Quality of Service Guide QoS and QoS Policies 
Edition: 01 3HE 11014 AAAC TQZZA 95
 
Aggregation of different forwarding classes under queues takes place for each 
bundle or port. If a port is a member of a bundle, such as a Multilink Point-to-Point 
Protocol (MLPPP) bundle, then the aggregation and queuing is implemented for the 
entire bundle.
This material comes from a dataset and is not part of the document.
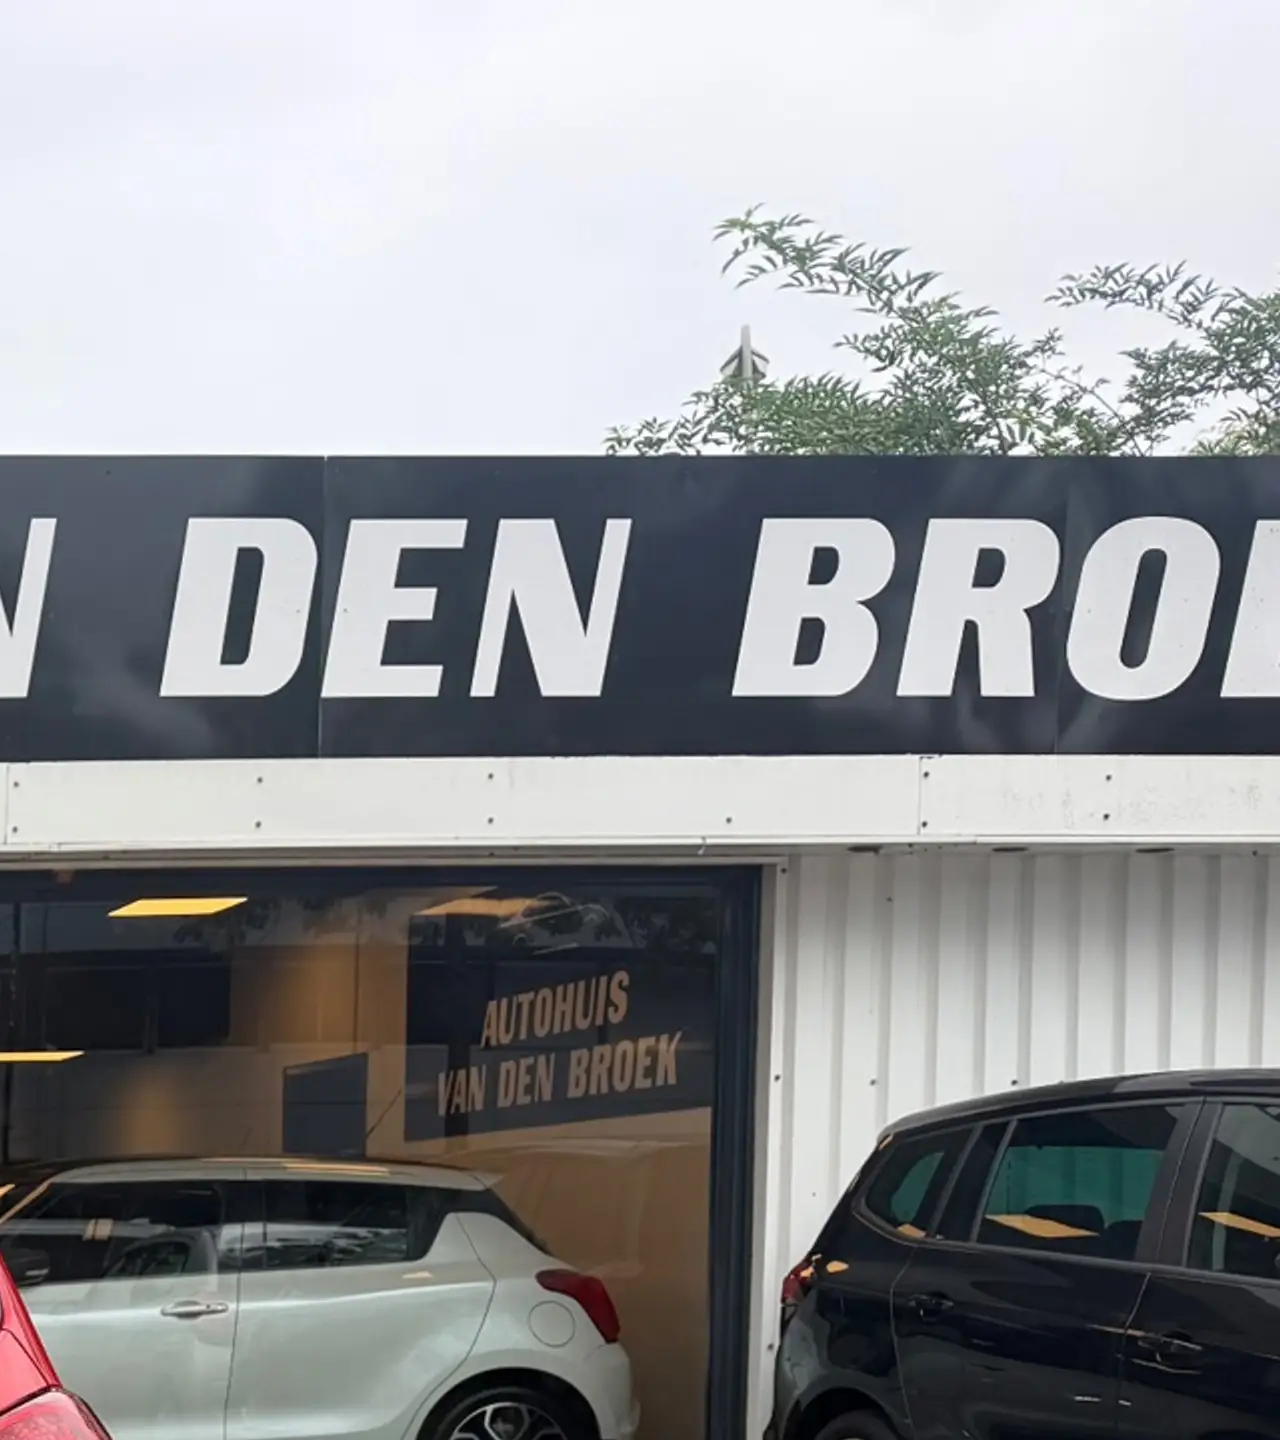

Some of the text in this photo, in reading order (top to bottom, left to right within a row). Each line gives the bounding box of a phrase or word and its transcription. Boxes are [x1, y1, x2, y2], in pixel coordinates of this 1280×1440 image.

[159, 517, 633, 698] DEN
[480, 970, 630, 1048] AUTOHUIS
[437, 1031, 683, 1117] VAN DEN BROEK
If a port is a standalone port, that is, not a member of bundle, then the 
queuing takes place for the port.
3.4.2.1 Network Egress Per-VLAN Queuing
Network Ethernet ports support network egress per-VLAN (per-interface) shapers 
with eight CoS queues per VLAN, which is an extension to the eight CoS queues per 
port shared by all unshaped VLANs. Eight unique per-VLAN CoS queues are created 
for each VLAN when the VLAN shaper is enabled. These per-VLAN CoS queues are 
separate from the eight unshaped VLAN queues. The eight CoS queues that are 
shared by all the remaining unshaped VLANs are referred to as unshaped VLAN 
CoS queues. VLAN shapers are enabled when the queue-policy command is used 
to assign a network queue policy to the interface.
For details on per-VLAN network egress queuing and scheduling, see Per-VLAN 
Network Egress Shapers.
3.4.3 Network Egress Scheduling
Network egress scheduling is supported on the adapter cards and ports listed in 
Table 10. The supported scheduling modes are profiled, 4-priority, and 16-priority. 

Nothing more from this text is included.